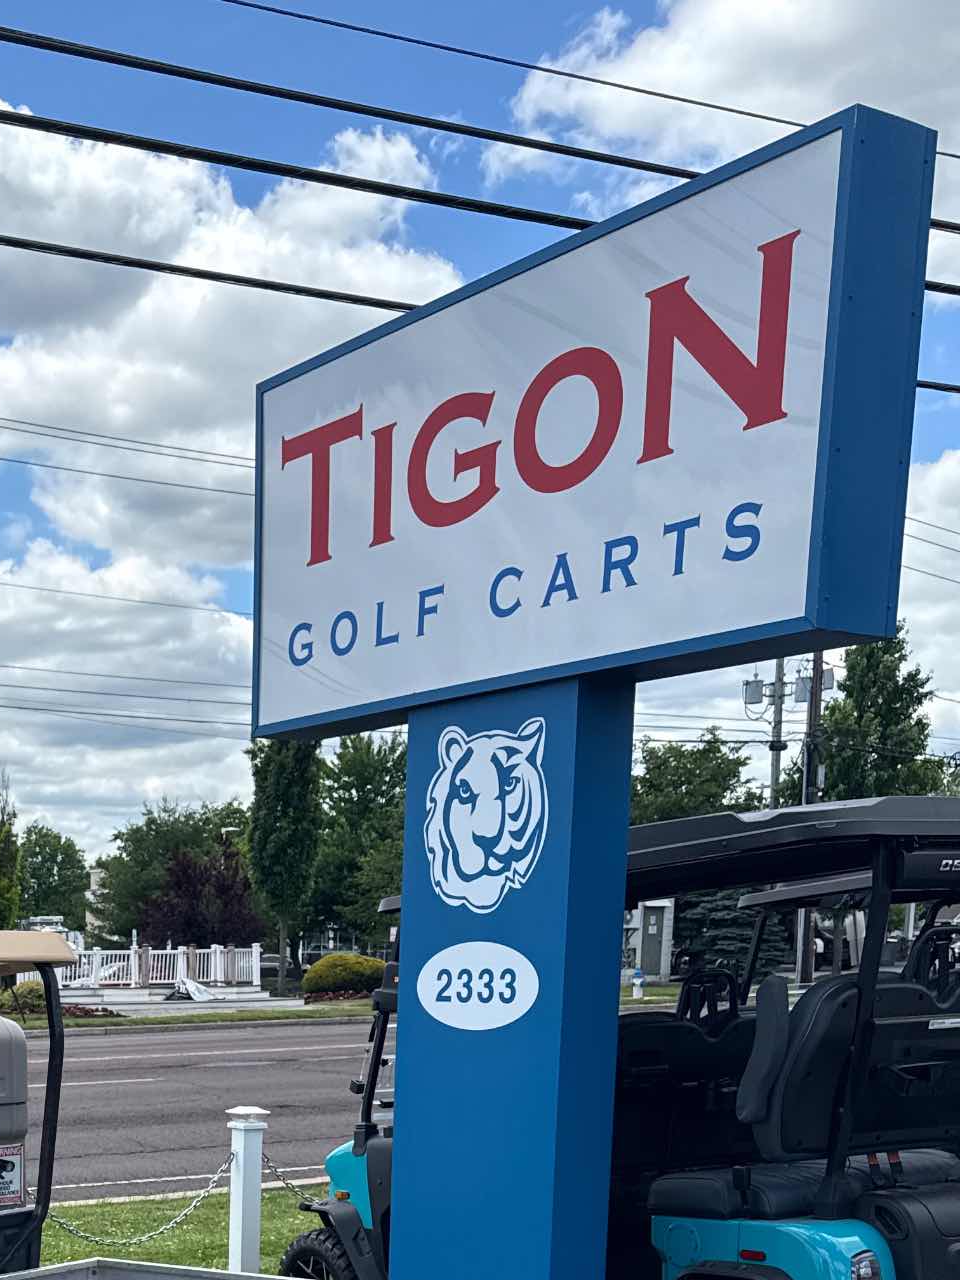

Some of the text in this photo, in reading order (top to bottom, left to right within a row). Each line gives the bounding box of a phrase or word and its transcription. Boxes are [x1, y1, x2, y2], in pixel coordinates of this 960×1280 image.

[281, 229, 800, 567] TIGON
[288, 502, 764, 667] GOLF CARTS
[435, 968, 517, 1004] 2333
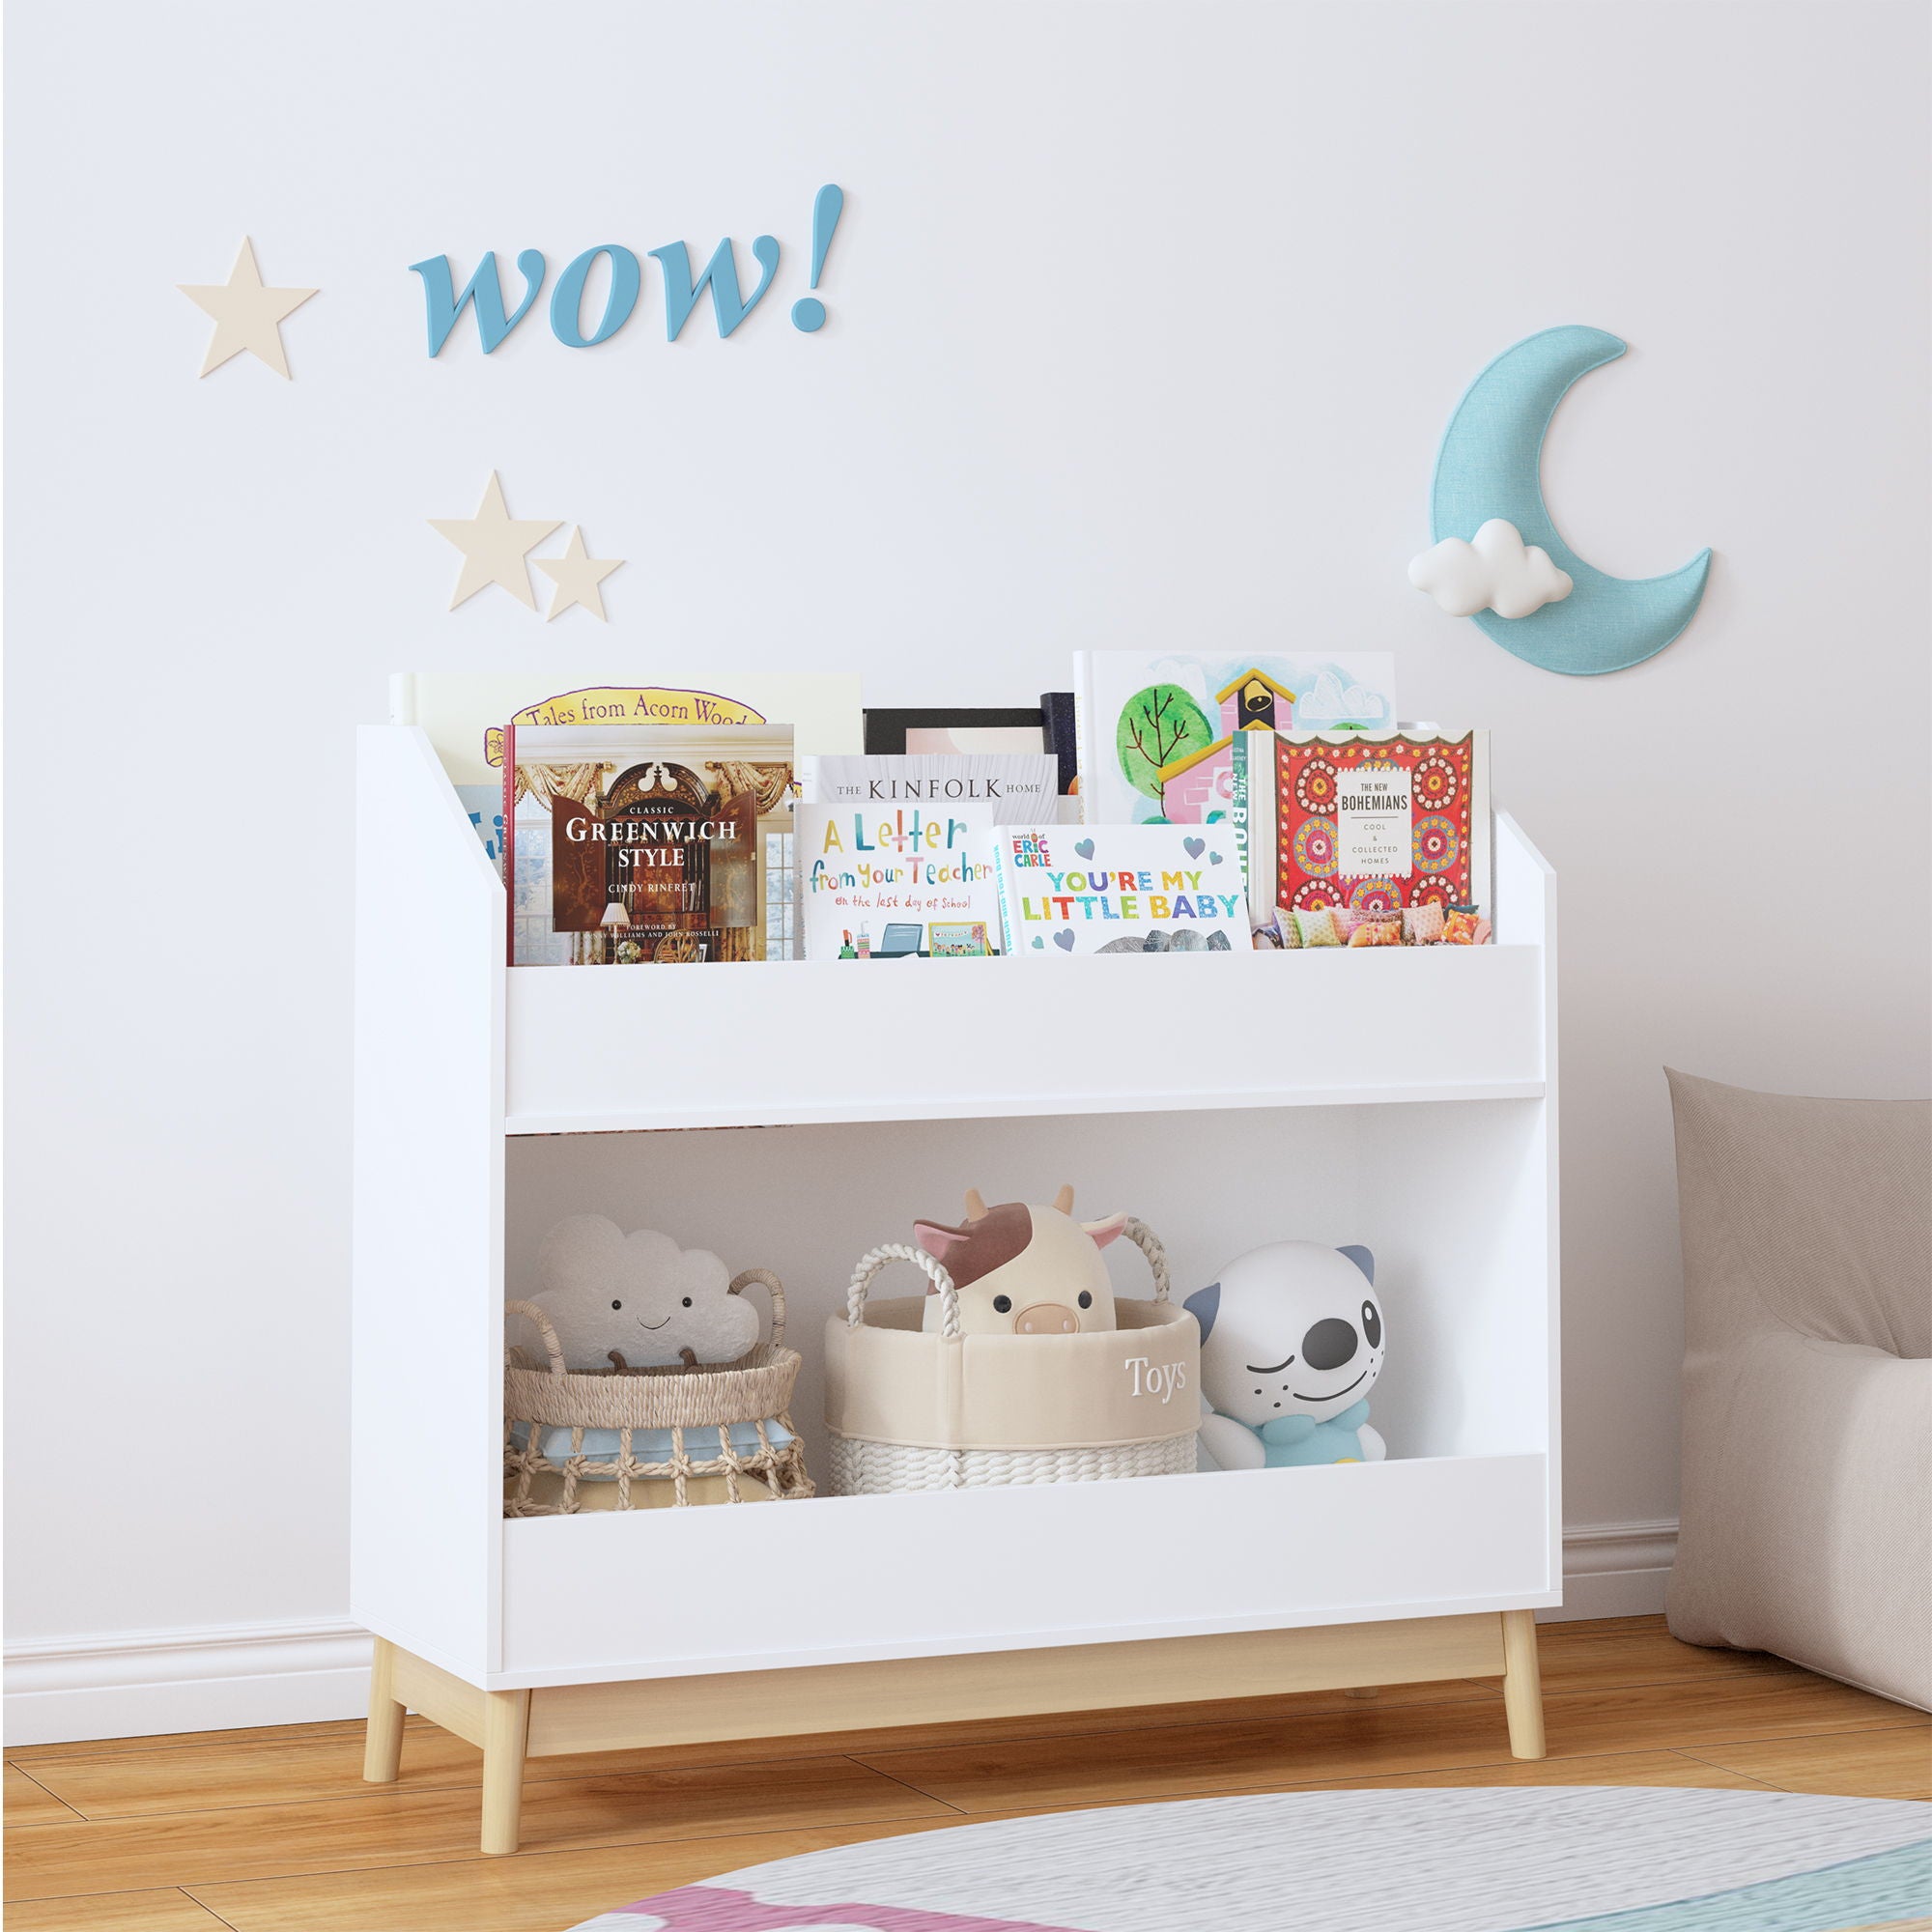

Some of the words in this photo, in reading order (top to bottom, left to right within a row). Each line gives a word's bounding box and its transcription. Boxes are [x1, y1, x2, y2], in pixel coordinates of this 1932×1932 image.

[409, 184, 843, 359] wow!
[582, 698, 626, 720] from
[634, 695, 689, 719] Acorn
[837, 785, 862, 795] THE
[868, 779, 1003, 799] KINFOLK
[1007, 783, 1041, 793] HOME
[1237, 778, 1246, 801] THE
[1360, 782, 1373, 792] THE
[1374, 782, 1388, 792] NEW
[1341, 795, 1407, 810] BOHEMIANS
[566, 817, 736, 842] GREENWICH
[823, 820, 844, 854] A
[854, 810, 967, 853] Letter
[618, 848, 685, 867] STYLE
[1014, 854, 1051, 867] CARLE
[1351, 845, 1398, 854] COLLECTED
[810, 859, 856, 894] from
[905, 852, 993, 885] Teacher
[1160, 870, 1204, 892] MY
[608, 884, 643, 894] CINDY
[648, 883, 695, 894] RINFRET
[835, 897, 849, 906] on
[852, 895, 871, 908] the
[876, 893, 898, 908] last
[904, 895, 922, 912] day
[926, 896, 939, 909] of
[1021, 895, 1140, 921] LITTLE
[1149, 895, 1239, 919] BABY
[1124, 1356, 1186, 1405] Toys

_ _ _

- **Work to be completed**: Would you repeat the listing above exactly, minus the images?

- **Result**:
Some of the text in this photo, in reading order (top to bottom, left to right within a row). Each line gives the bounding box of a phrase or word and its transcription. Boxes are [x1, y1, x2, y2], in pixel coordinates of this 960×1280 image.

[281, 229, 800, 567] TIGON
[288, 502, 764, 667] GOLF CARTS
[435, 968, 517, 1004] 2333

Some of the words in this photo, in reading order (top to bottom, left to right within a row). Each line gives a word's bounding box and its transcription. Boxes are [x1, y1, x2, y2], in pixel coordinates of this 1932×1932 image.

[409, 184, 843, 359] wow!
[582, 698, 626, 720] from
[634, 695, 689, 719] Acorn
[837, 785, 862, 795] THE
[868, 779, 1003, 799] KINFOLK
[1007, 783, 1041, 793] HOME
[1237, 778, 1246, 801] THE
[1360, 782, 1373, 792] THE
[1374, 782, 1388, 792] NEW
[1341, 795, 1407, 810] BOHEMIANS
[566, 817, 736, 842] GREENWICH
[823, 820, 844, 854] A
[854, 810, 967, 853] Letter
[618, 848, 685, 867] STYLE
[1014, 854, 1051, 867] CARLE
[1351, 845, 1398, 854] COLLECTED
[810, 859, 856, 894] from
[905, 852, 993, 885] Teacher
[1160, 870, 1204, 892] MY
[608, 884, 643, 894] CINDY
[648, 883, 695, 894] RINFRET
[835, 897, 849, 906] on
[852, 895, 871, 908] the
[876, 893, 898, 908] last
[904, 895, 922, 912] day
[926, 896, 939, 909] of
[1021, 895, 1140, 921] LITTLE
[1149, 895, 1239, 919] BABY
[1124, 1356, 1186, 1405] Toys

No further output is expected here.